“Se il drink che si mette in RTD (Ready To Drink ndr) ha una parte acida, questa va sostituita con gli acidi alimentari (tartarico, malico, citrico) che andranno a simulare il giusto livello di sour senza portare una componente deperibile”. A risponderci da Dubai è Francesco Galdi, Food & Beverage manager del gruppo Buddha Bar.
Un inizio tecnico per una risposta a un fenomeno tutt’altro che banale: i cocktail Ready To Drink premiscelati, preconfezionati, pre…meditati.
“Noto che i drinks ‘spirit forward’ se messi in RTD sono ancora meglio della loro versione espressa – prosegue Galdi – gli ingredienti si affinano ed integrano ancora meglio”.
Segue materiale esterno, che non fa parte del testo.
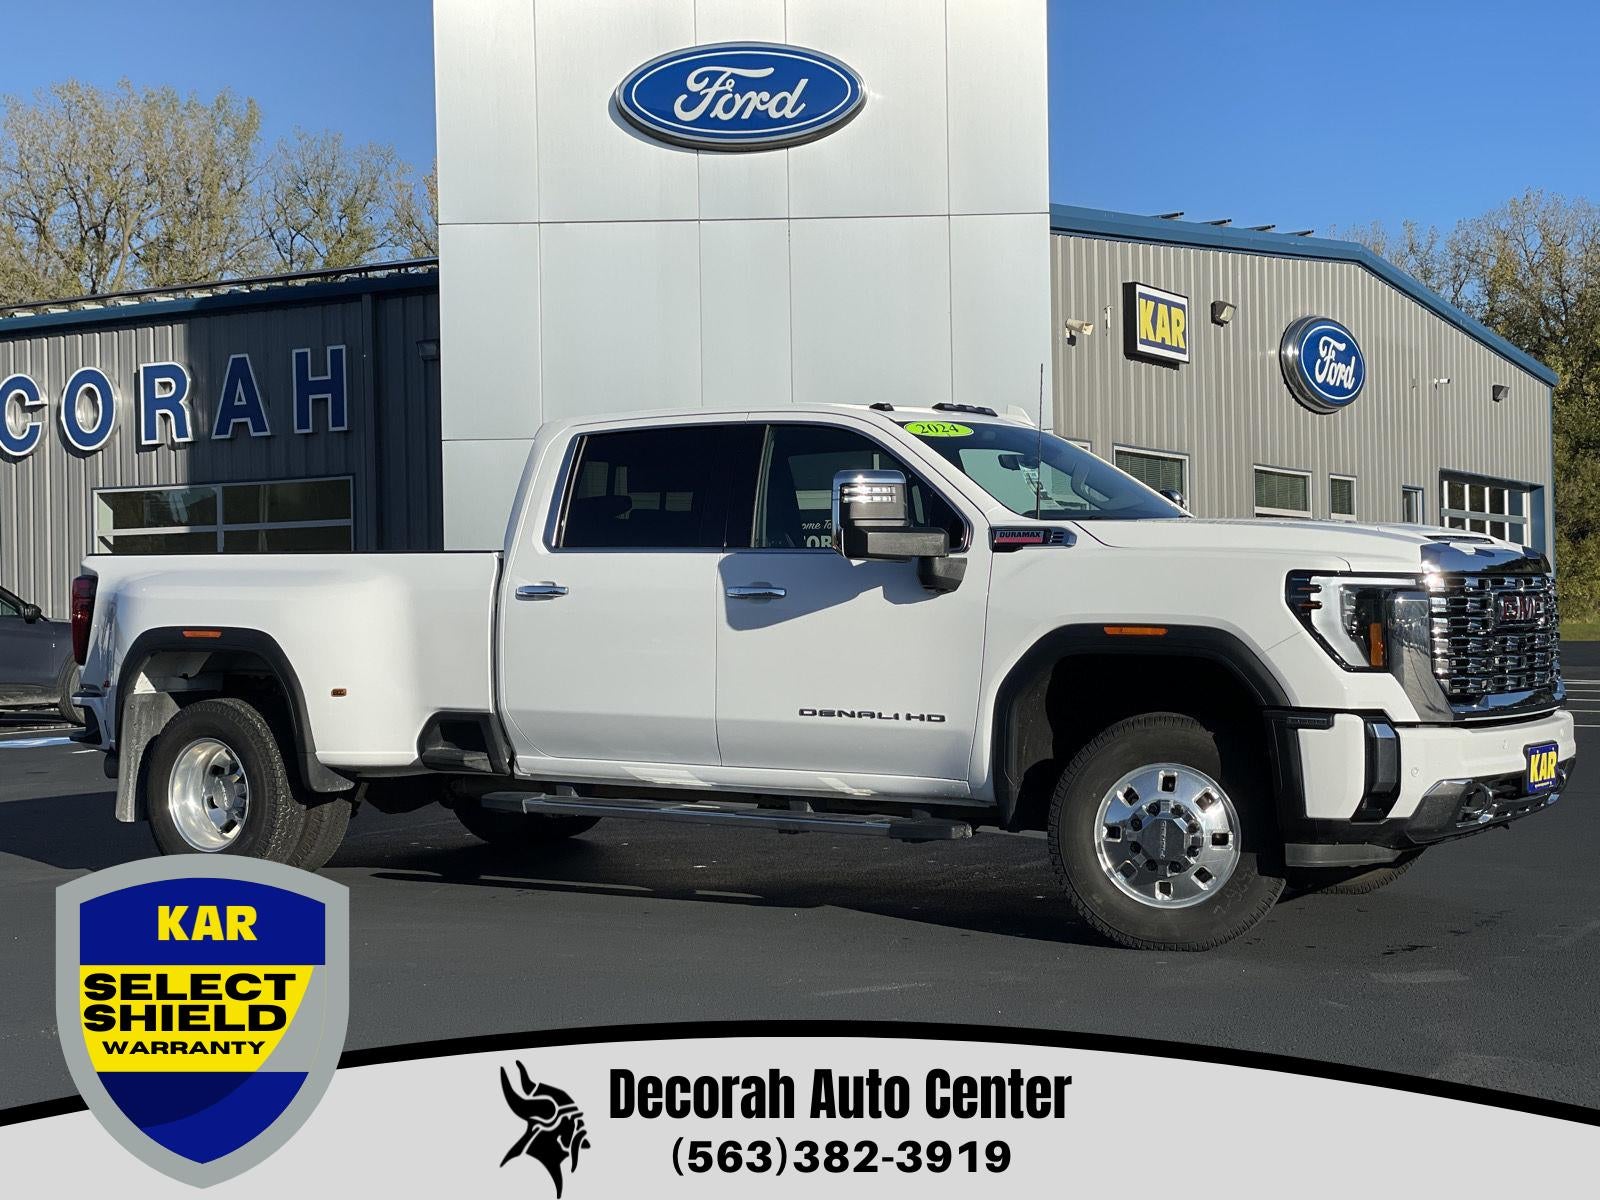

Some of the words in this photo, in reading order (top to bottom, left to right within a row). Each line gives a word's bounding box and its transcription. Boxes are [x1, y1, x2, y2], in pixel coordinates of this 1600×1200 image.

[673, 65, 809, 122] Ford
[1139, 298, 1186, 349] KAR
[1315, 335, 1356, 390] Ford
[0, 344, 349, 456] CORAH
[915, 423, 959, 434] 2024
[803, 535, 832, 547] OR
[1000, 530, 1042, 538] DURAMAX
[1499, 595, 1546, 621] GMC
[798, 708, 900, 721] DENALI
[905, 713, 946, 723] HD
[1530, 750, 1557, 783] KAR
Prodotti esplosi con la pandemia grazie al delivery ovunque e comunque, i drink RDT non sono tutti meritevoli dei vostri happyhour, a mia modesta opinione, però il Negroni preparato e spedito da Cocktaileria del Golfo ci ha fatto dimenticare per qualche sorso il distanziamento fisico e ricordato il rumore del ghiaccio tra bancone e shaker, anche se, come dice Galdi: “RTD è sicuramente un’interessante finestra di business, ma l’esperienza bar ha quel qualcosa di magico che la rende insostituibile: il fattore umano”. Amen.